Could you return all of the records exactly, minus their images?

[Data excerpts — start]

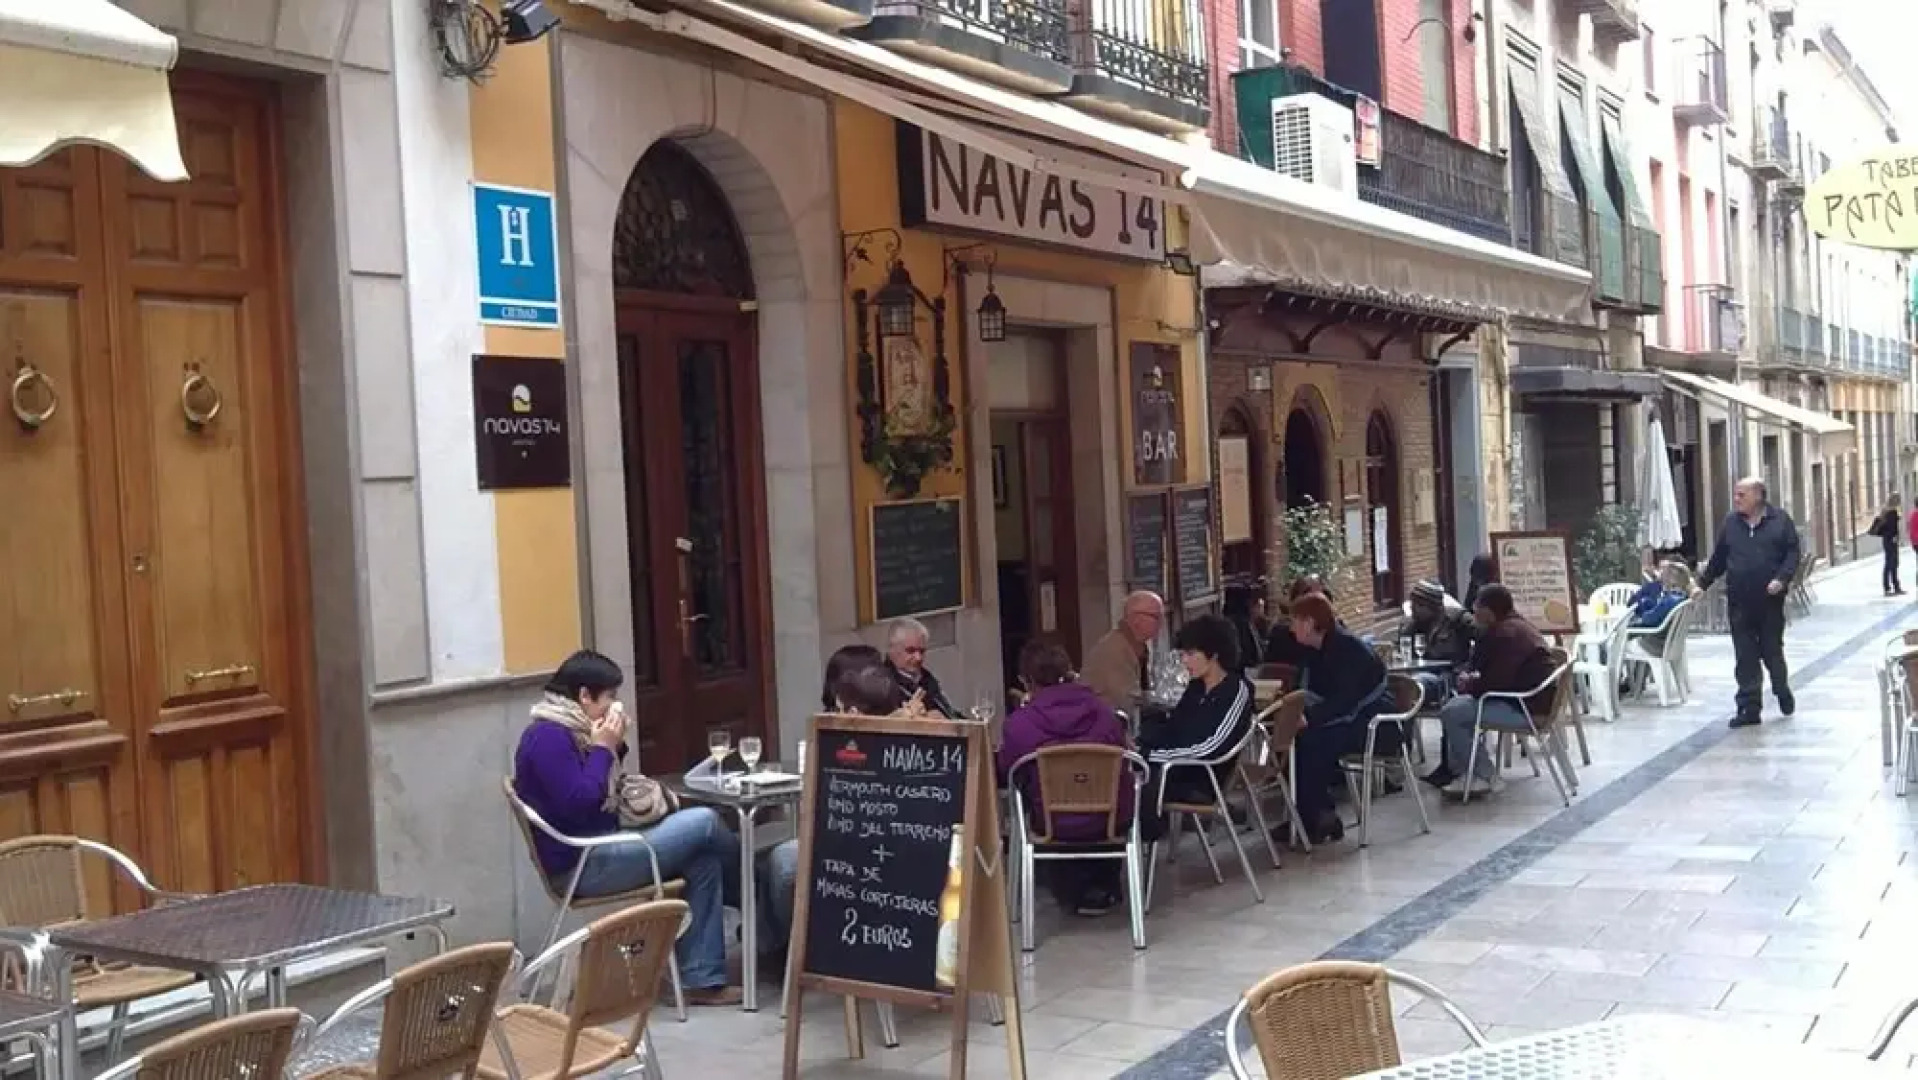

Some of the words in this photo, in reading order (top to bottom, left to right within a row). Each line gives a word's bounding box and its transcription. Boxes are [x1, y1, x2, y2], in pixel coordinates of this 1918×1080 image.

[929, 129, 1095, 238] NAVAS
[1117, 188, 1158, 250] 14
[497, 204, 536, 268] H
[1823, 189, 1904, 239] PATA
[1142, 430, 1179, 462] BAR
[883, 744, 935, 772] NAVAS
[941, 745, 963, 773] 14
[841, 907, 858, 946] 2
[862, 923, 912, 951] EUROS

[Data excerpts — finish]

**Answer section**
Some of the words in this photo, in reading order (top to bottom, left to right within a row). Each line gives a word's bounding box and its transcription. Boxes are [x1, y1, x2, y2], in pixel coordinates of this 1918×1080 image.

[929, 129, 1095, 238] NAVAS
[1117, 188, 1158, 250] 14
[497, 204, 536, 268] H
[1823, 189, 1904, 239] PATA
[1142, 430, 1179, 462] BAR
[883, 744, 935, 772] NAVAS
[941, 745, 963, 773] 14
[841, 907, 858, 946] 2
[862, 923, 912, 951] EUROS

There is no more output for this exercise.